• _Problem requirements_:
Write the data out again exactly and in full.
□ □ □ □ □ □ □
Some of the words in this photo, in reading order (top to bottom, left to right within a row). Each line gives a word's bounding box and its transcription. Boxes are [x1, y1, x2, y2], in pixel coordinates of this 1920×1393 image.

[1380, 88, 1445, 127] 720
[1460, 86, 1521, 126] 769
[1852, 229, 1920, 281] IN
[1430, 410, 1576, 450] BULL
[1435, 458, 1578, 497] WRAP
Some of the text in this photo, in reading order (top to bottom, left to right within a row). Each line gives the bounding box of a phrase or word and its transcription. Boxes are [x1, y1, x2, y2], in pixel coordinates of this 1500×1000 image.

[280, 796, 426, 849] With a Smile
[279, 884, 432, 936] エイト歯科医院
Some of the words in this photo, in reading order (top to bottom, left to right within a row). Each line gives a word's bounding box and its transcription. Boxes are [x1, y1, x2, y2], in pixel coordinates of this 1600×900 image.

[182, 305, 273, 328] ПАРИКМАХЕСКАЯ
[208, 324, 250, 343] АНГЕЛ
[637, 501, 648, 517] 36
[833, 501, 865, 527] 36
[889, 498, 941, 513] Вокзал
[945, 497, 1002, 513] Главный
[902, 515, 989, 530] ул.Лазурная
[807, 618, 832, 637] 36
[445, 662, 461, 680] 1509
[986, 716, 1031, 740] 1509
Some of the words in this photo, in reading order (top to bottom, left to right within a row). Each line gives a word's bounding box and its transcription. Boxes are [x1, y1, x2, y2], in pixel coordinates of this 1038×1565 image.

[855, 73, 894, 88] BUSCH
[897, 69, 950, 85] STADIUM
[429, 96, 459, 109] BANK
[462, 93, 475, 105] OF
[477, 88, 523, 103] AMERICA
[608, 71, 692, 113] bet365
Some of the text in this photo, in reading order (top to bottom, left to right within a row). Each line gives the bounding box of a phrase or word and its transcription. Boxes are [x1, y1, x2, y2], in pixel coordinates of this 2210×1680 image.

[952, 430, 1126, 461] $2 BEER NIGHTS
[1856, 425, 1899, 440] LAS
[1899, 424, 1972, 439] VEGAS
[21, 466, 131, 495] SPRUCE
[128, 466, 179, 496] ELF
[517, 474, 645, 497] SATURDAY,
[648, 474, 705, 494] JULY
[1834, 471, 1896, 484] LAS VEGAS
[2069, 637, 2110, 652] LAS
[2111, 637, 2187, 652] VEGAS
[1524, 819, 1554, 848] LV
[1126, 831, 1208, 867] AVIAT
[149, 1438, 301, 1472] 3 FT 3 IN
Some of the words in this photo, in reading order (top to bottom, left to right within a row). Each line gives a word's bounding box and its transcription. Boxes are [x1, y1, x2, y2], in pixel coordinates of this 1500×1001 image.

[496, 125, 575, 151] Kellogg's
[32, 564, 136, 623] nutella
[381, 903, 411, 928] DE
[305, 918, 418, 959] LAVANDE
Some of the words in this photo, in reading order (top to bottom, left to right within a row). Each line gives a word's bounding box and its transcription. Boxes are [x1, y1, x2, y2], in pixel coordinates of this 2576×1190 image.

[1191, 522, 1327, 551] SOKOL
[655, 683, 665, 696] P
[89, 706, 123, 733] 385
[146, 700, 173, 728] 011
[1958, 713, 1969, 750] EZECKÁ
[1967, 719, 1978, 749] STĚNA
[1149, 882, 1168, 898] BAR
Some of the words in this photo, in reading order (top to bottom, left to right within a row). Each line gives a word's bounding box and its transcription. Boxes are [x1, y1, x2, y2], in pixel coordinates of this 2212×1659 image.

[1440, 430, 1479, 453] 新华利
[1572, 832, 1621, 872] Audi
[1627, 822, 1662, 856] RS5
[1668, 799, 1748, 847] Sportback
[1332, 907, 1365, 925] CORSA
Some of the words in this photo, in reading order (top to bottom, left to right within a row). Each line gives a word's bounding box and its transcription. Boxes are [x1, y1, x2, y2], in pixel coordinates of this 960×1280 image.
□ □ □ □ □ □ □
• _Solution to this exercise_:
Some of the words in this photo, in reading order (top to bottom, left to right within a row). Each line gives a word's bounding box and its transcription. Boxes are [x1, y1, x2, y2], in pixel coordinates of this 1920×1393 image.

[1380, 88, 1445, 127] 720
[1460, 86, 1521, 126] 769
[1852, 229, 1920, 281] IN
[1430, 410, 1576, 450] BULL
[1435, 458, 1578, 497] WRAP
Some of the text in this photo, in reading order (top to bottom, left to right within a row). Each line gives the bounding box of a phrase or word and its transcription. Boxes are [x1, y1, x2, y2], in pixel coordinates of this 1500×1000 image.

[280, 796, 426, 849] With a Smile
[279, 884, 432, 936] エイト歯科医院
Some of the words in this photo, in reading order (top to bottom, left to right within a row). Each line gives a word's bounding box and its transcription. Boxes are [x1, y1, x2, y2], in pixel coordinates of this 1600×900 image.

[182, 305, 273, 328] ПАРИКМАХЕСКАЯ
[208, 324, 250, 343] АНГЕЛ
[637, 501, 648, 517] 36
[833, 501, 865, 527] 36
[889, 498, 941, 513] Вокзал
[945, 497, 1002, 513] Главный
[902, 515, 989, 530] ул.Лазурная
[807, 618, 832, 637] 36
[445, 662, 461, 680] 1509
[986, 716, 1031, 740] 1509
Some of the words in this photo, in reading order (top to bottom, left to right within a row). Each line gives a word's bounding box and its transcription. Boxes are [x1, y1, x2, y2], in pixel coordinates of this 1038×1565 image.

[855, 73, 894, 88] BUSCH
[897, 69, 950, 85] STADIUM
[429, 96, 459, 109] BANK
[462, 93, 475, 105] OF
[477, 88, 523, 103] AMERICA
[608, 71, 692, 113] bet365
Some of the text in this photo, in reading order (top to bottom, left to right within a row). Each line gives the bounding box of a phrase or word and its transcription. Boxes are [x1, y1, x2, y2], in pixel coordinates of this 2210×1680 image.

[952, 430, 1126, 461] $2 BEER NIGHTS
[1856, 425, 1899, 440] LAS
[1899, 424, 1972, 439] VEGAS
[21, 466, 131, 495] SPRUCE
[128, 466, 179, 496] ELF
[517, 474, 645, 497] SATURDAY,
[648, 474, 705, 494] JULY
[1834, 471, 1896, 484] LAS VEGAS
[2069, 637, 2110, 652] LAS
[2111, 637, 2187, 652] VEGAS
[1524, 819, 1554, 848] LV
[1126, 831, 1208, 867] AVIAT
[149, 1438, 301, 1472] 3 FT 3 IN
Some of the words in this photo, in reading order (top to bottom, left to right within a row). Each line gives a word's bounding box and its transcription. Boxes are [x1, y1, x2, y2], in pixel coordinates of this 1500×1001 image.

[496, 125, 575, 151] Kellogg's
[32, 564, 136, 623] nutella
[381, 903, 411, 928] DE
[305, 918, 418, 959] LAVANDE
Some of the words in this photo, in reading order (top to bottom, left to right within a row). Each line gives a word's bounding box and its transcription. Boxes are [x1, y1, x2, y2], in pixel coordinates of this 2576×1190 image.

[1191, 522, 1327, 551] SOKOL
[655, 683, 665, 696] P
[89, 706, 123, 733] 385
[146, 700, 173, 728] 011
[1958, 713, 1969, 750] EZECKÁ
[1967, 719, 1978, 749] STĚNA
[1149, 882, 1168, 898] BAR
Some of the words in this photo, in reading order (top to bottom, left to right within a row). Each line gives a word's bounding box and its transcription. Boxes are [x1, y1, x2, y2], in pixel coordinates of this 2212×1659 image.

[1440, 430, 1479, 453] 新华利
[1572, 832, 1621, 872] Audi
[1627, 822, 1662, 856] RS5
[1668, 799, 1748, 847] Sportback
[1332, 907, 1365, 925] CORSA
Some of the words in this photo, in reading order (top to bottom, left to right within a row). Each line gives a word's bounding box and its transcription. Boxes are [x1, y1, x2, y2], in pixel coordinates of this 960×1280 image.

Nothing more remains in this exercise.